Input records:
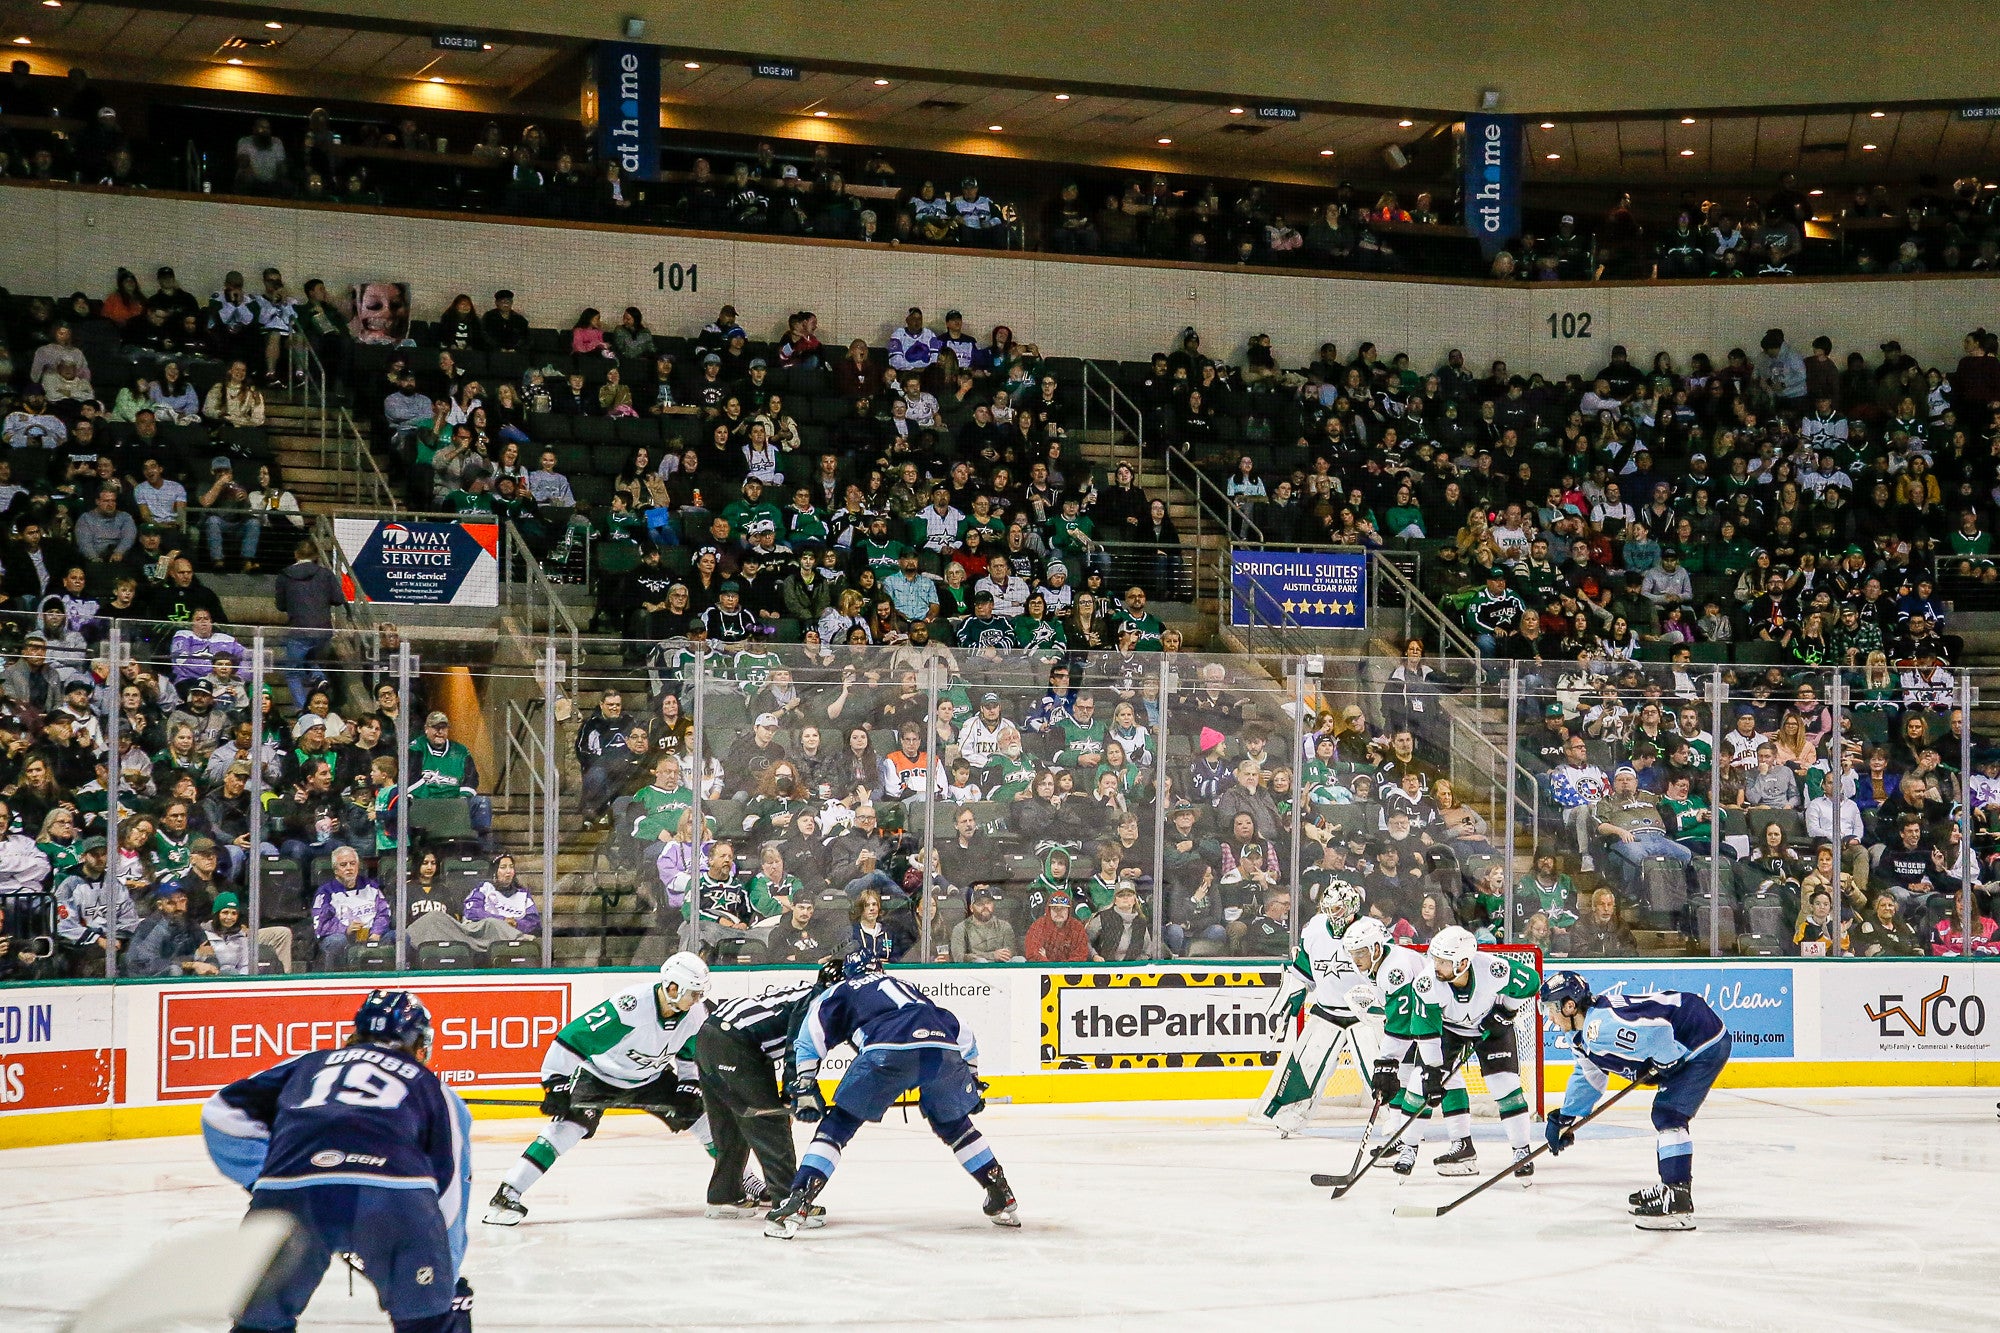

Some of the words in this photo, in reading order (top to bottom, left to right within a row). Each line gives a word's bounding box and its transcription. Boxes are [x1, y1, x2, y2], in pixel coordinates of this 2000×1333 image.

[439, 36, 462, 47] LOGE
[463, 38, 478, 48] 201
[758, 66, 780, 76] LOGE
[781, 67, 794, 77] 201
[1259, 107, 1280, 117] LOGE
[1280, 108, 1297, 118] 202A
[1962, 109, 1984, 117] LOGE
[617, 144, 640, 173] at
[1480, 207, 1501, 233] at
[653, 262, 698, 292] 101
[1547, 312, 1592, 339] 102
[411, 532, 451, 545] WAY
[1502, 537, 1527, 546] STARS
[382, 552, 452, 566] SERVICE
[386, 571, 403, 579] Call
[404, 571, 415, 579] for
[416, 572, 447, 580] Service!
[1235, 562, 1313, 577] SPRINGHILL
[1315, 565, 1359, 579] SUITES
[1283, 583, 1311, 592] AUSTIN
[1311, 584, 1337, 592] CEDAR
[1338, 584, 1358, 593] PARK
[976, 741, 998, 754] TEX
[1029, 891, 1044, 908] 29
[1560, 889, 1568, 900] C
[1951, 936, 1989, 944] TEAS
[1512, 969, 1531, 989] 11
[1719, 981, 1782, 1011] Clean
[1414, 1001, 1427, 1019] 11
[28, 1004, 52, 1043] IN
[369, 1016, 387, 1032] 19
[584, 1005, 612, 1032] 21
[441, 1015, 558, 1051] SHOP
[1614, 1028, 1639, 1052] 16
[1487, 1051, 1512, 1061] CCM
[324, 1049, 421, 1080] GROSS
[431, 1069, 475, 1083] IFIED
[290, 1061, 410, 1110] 19
[553, 1084, 571, 1093] CC
[346, 1154, 387, 1168] CCM

What to do:
Write every line above again exactly, but leave the pictures out.

Output below:
Some of the words in this photo, in reading order (top to bottom, left to right within a row). Each line gives a word's bounding box and its transcription. Boxes are [x1, y1, x2, y2], in pixel coordinates of this 2000×1333 image.

[439, 36, 462, 47] LOGE
[463, 38, 478, 48] 201
[758, 66, 780, 76] LOGE
[781, 67, 794, 77] 201
[1259, 107, 1280, 117] LOGE
[1280, 108, 1297, 118] 202A
[1962, 109, 1984, 117] LOGE
[617, 144, 640, 173] at
[1480, 207, 1501, 233] at
[653, 262, 698, 292] 101
[1547, 312, 1592, 339] 102
[411, 532, 451, 545] WAY
[1502, 537, 1527, 546] STARS
[382, 552, 452, 566] SERVICE
[386, 571, 403, 579] Call
[404, 571, 415, 579] for
[416, 572, 447, 580] Service!
[1235, 562, 1313, 577] SPRINGHILL
[1315, 565, 1359, 579] SUITES
[1283, 583, 1311, 592] AUSTIN
[1311, 584, 1337, 592] CEDAR
[1338, 584, 1358, 593] PARK
[976, 741, 998, 754] TEX
[1029, 891, 1044, 908] 29
[1560, 889, 1568, 900] C
[1951, 936, 1989, 944] TEAS
[1512, 969, 1531, 989] 11
[1719, 981, 1782, 1011] Clean
[1414, 1001, 1427, 1019] 11
[28, 1004, 52, 1043] IN
[369, 1016, 387, 1032] 19
[584, 1005, 612, 1032] 21
[441, 1015, 558, 1051] SHOP
[1614, 1028, 1639, 1052] 16
[1487, 1051, 1512, 1061] CCM
[324, 1049, 421, 1080] GROSS
[431, 1069, 475, 1083] IFIED
[290, 1061, 410, 1110] 19
[553, 1084, 571, 1093] CC
[346, 1154, 387, 1168] CCM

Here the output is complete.